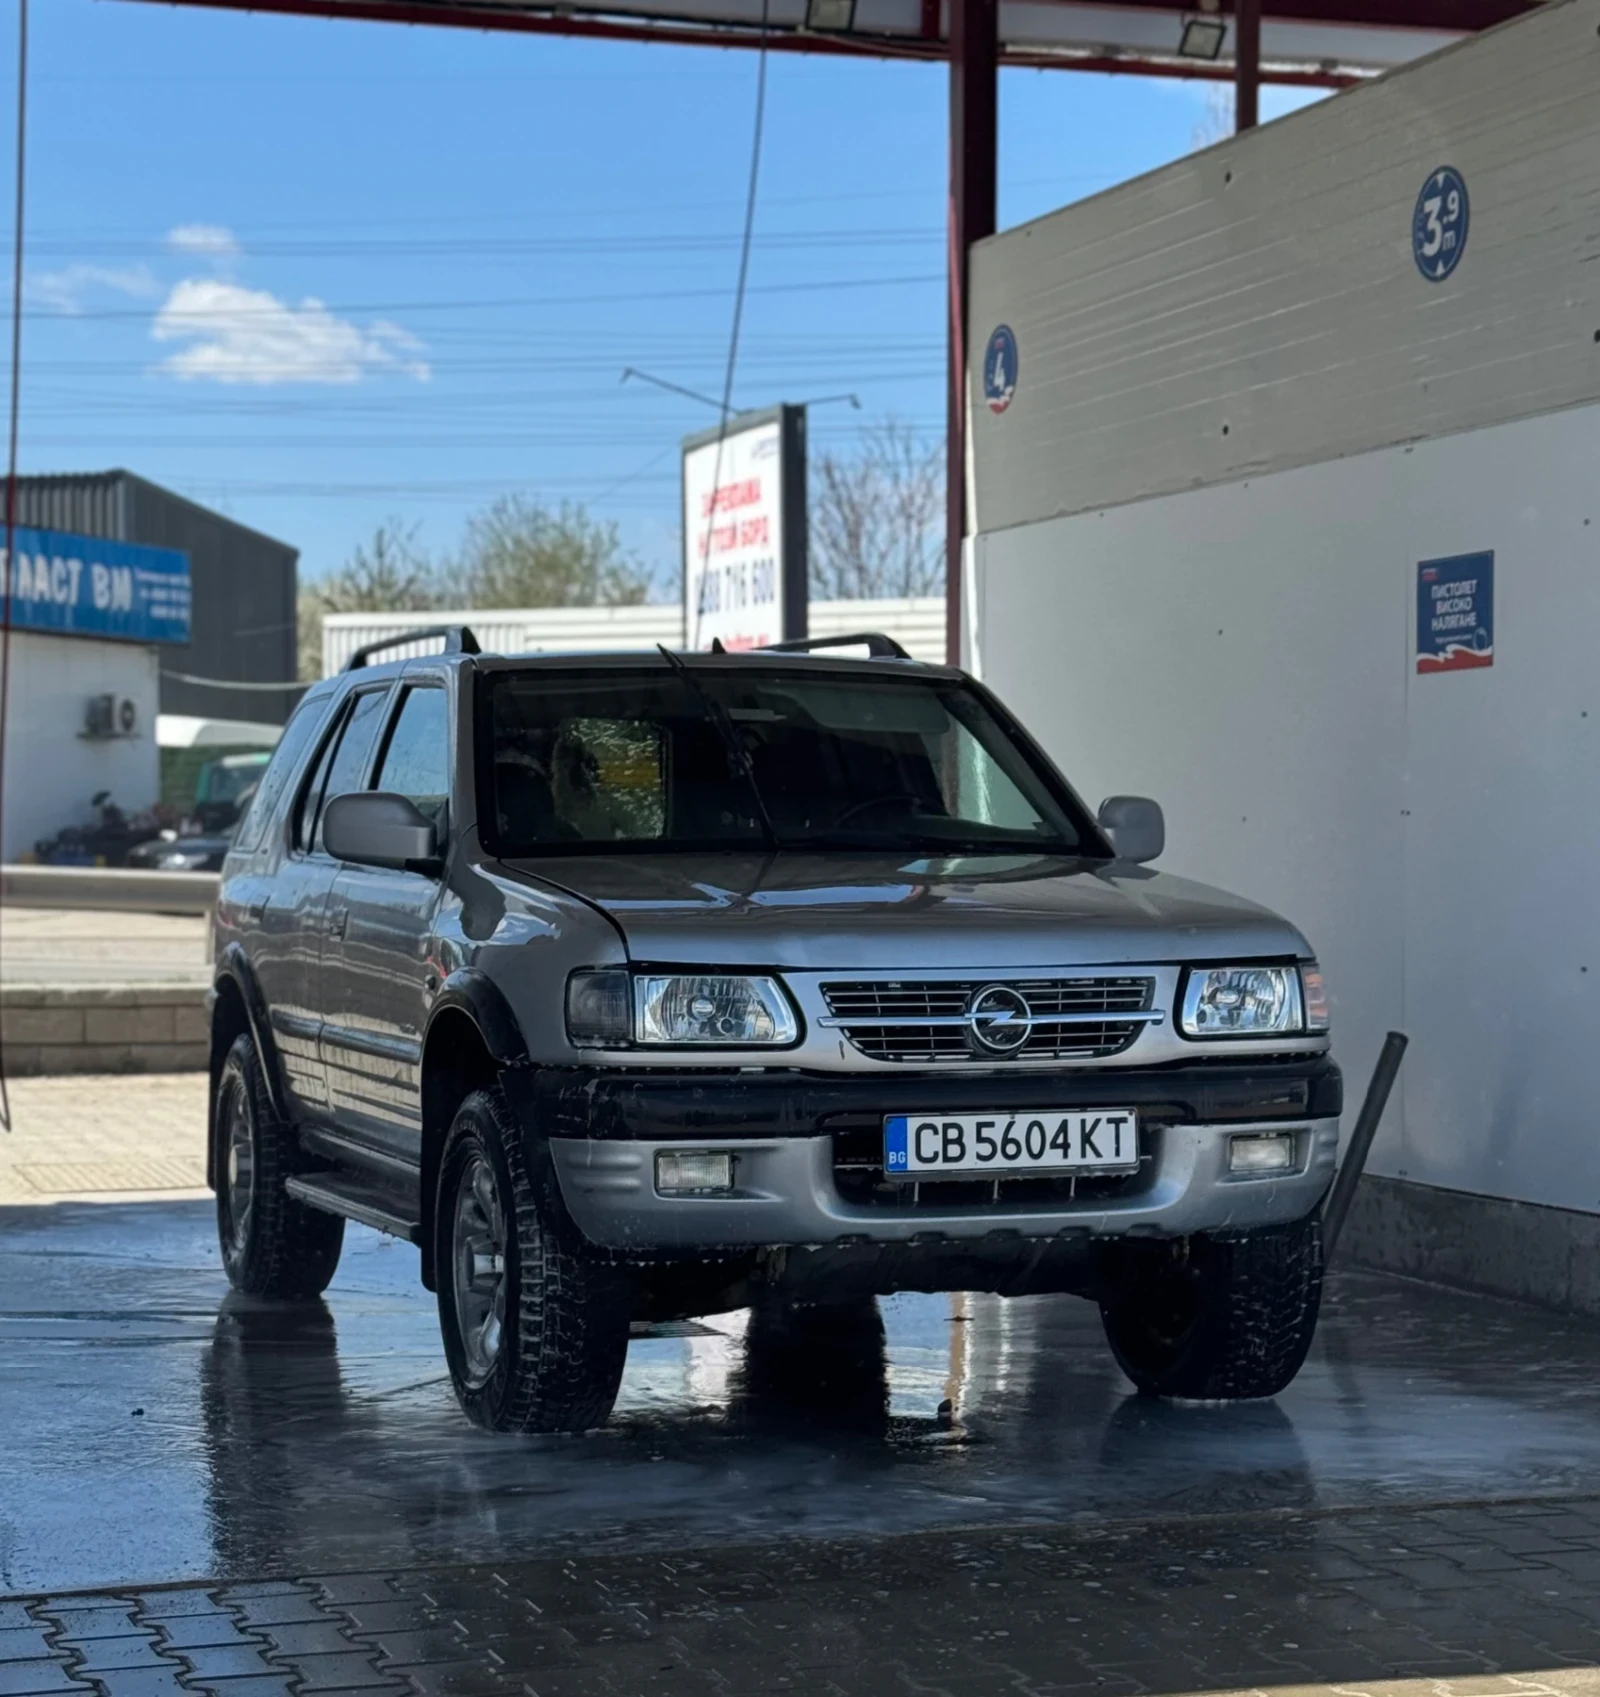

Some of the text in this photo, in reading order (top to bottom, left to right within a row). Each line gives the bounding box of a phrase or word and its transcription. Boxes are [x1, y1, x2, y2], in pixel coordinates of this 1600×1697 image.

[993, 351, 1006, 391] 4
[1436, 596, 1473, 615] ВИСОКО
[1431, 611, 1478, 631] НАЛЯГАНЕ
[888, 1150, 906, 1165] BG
------------------------------------------------------------------------
Task brief = You are asked to reproduce each line above exactly, but to exclude the pictures.

Answer section =
Some of the text in this photo, in reading order (top to bottom, left to right within a row). Each line gives the bounding box of a phrase or word and its transcription. Boxes are [x1, y1, x2, y2], in pixel coordinates of this 1600×1697 image.

[993, 351, 1006, 391] 4
[1436, 596, 1473, 615] ВИСОКО
[1431, 611, 1478, 631] НАЛЯГАНЕ
[888, 1150, 906, 1165] BG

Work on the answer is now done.